**HOW TO COMPLETE THIS TASK**
Set down every entry word for word. Omit the pictures.

————————

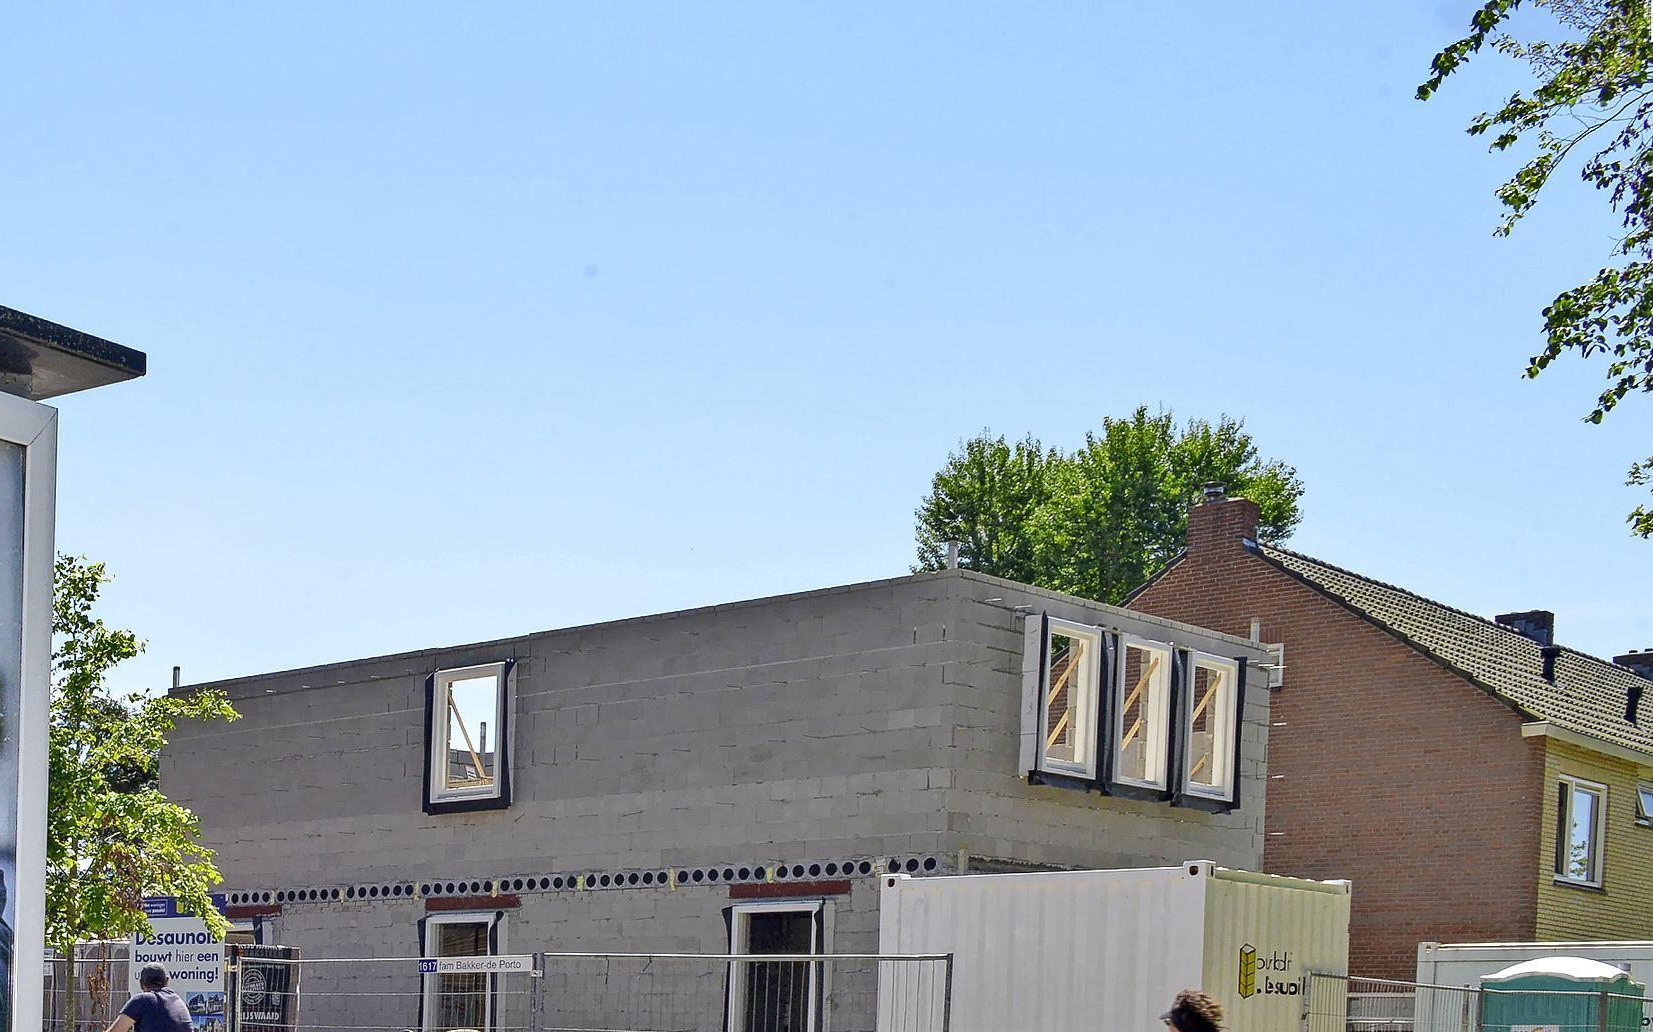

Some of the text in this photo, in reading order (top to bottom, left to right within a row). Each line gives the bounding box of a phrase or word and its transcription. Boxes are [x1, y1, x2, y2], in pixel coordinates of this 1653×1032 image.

[135, 950, 219, 963] bouwt hier een
[419, 959, 521, 971] 1617 fam Bakker-de Porto
[169, 966, 219, 983] woning!
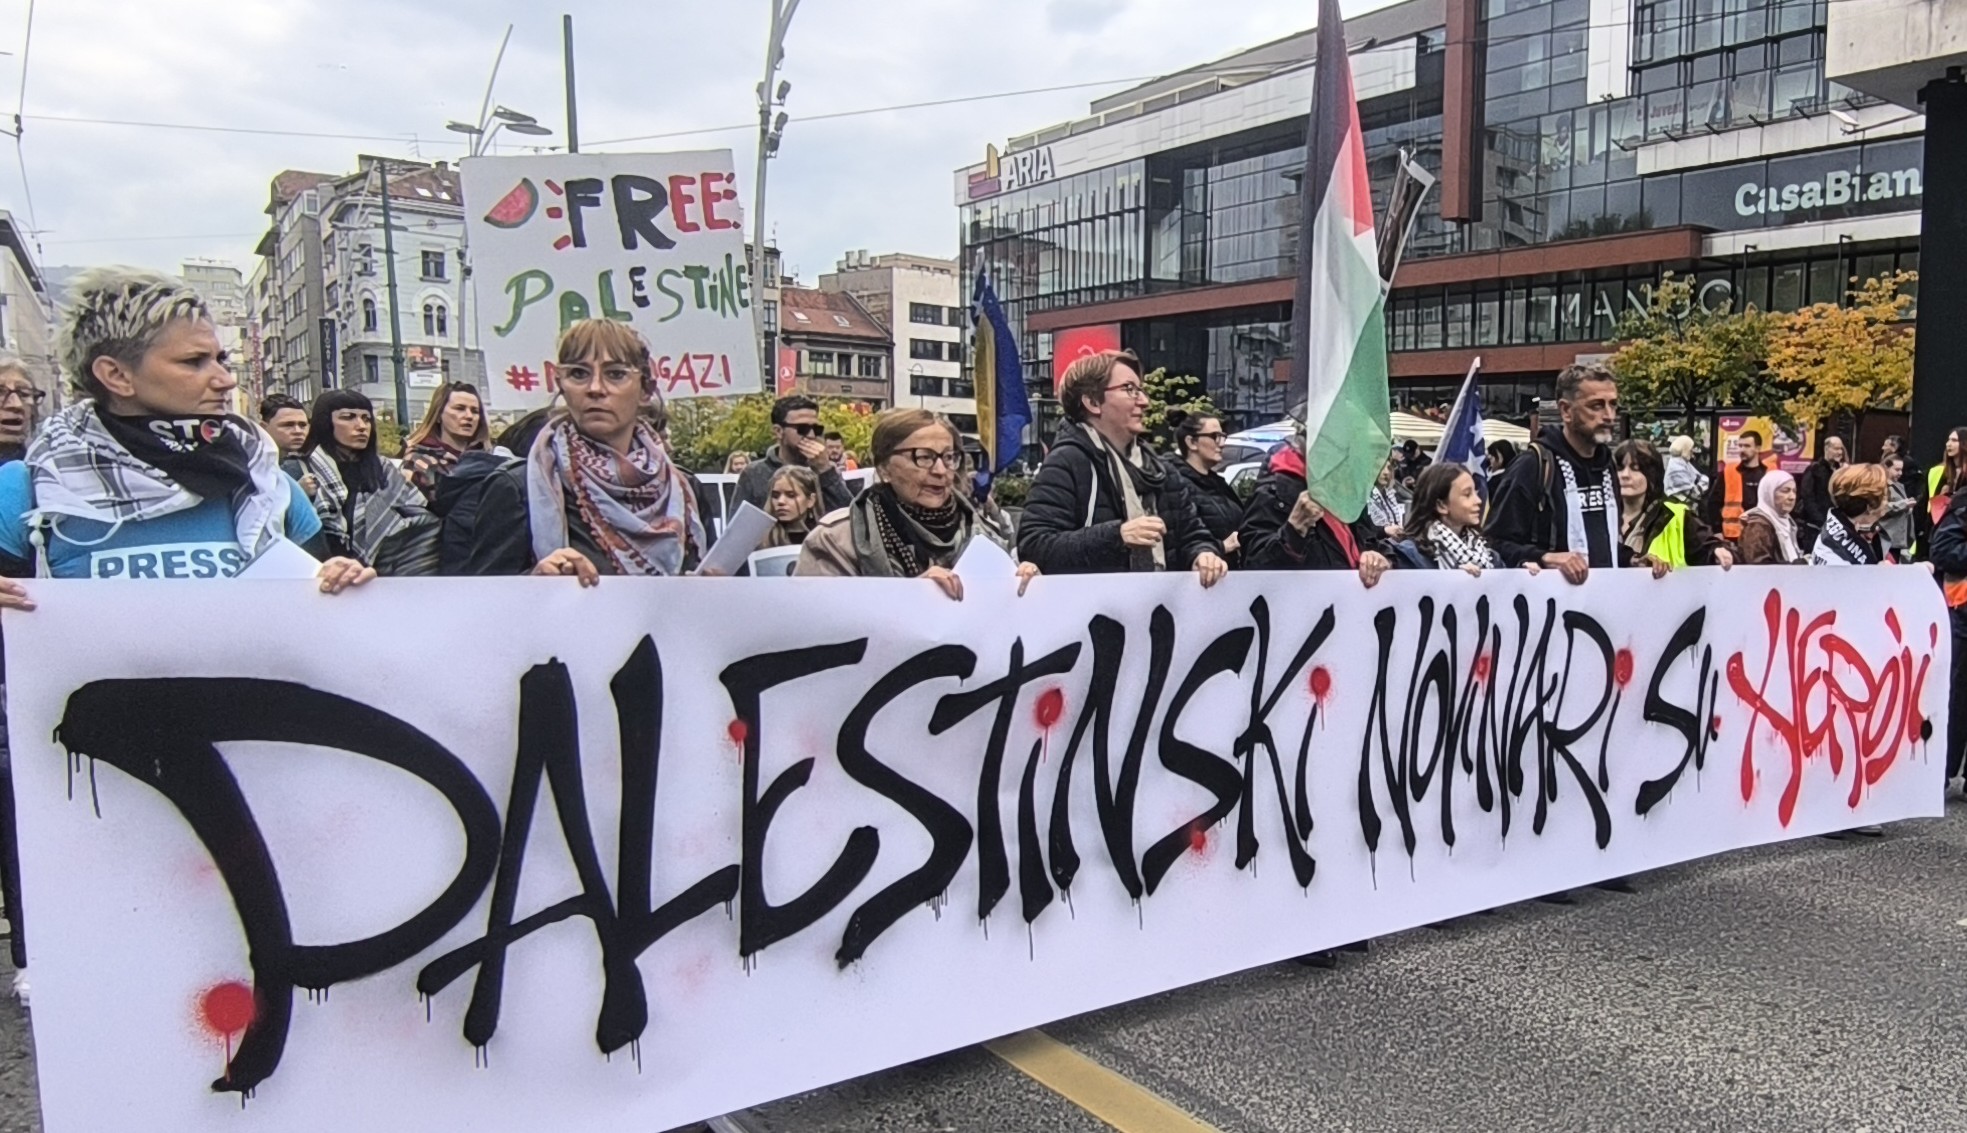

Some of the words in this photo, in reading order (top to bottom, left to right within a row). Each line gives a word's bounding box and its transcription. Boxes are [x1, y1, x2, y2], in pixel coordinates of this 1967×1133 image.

————————

**SOLUTION TO THE EXERCISE**
Some of the text in this photo, in reading order (top to bottom, left to right within a row). Each line gives the bounding box of a phrase or word and its transcription. Boxes are [x1, y1, x2, y2], in pixel coordinates of this 1653×1032 image.

[135, 950, 219, 963] bouwt hier een
[419, 959, 521, 971] 1617 fam Bakker-de Porto
[169, 966, 219, 983] woning!

Some of the words in this photo, in reading order (top to bottom, left to right within a row). Each line gives a word's bounding box and its transcription. Boxes are [x1, y1, x2, y2], in pixel coordinates of this 1967×1133 image.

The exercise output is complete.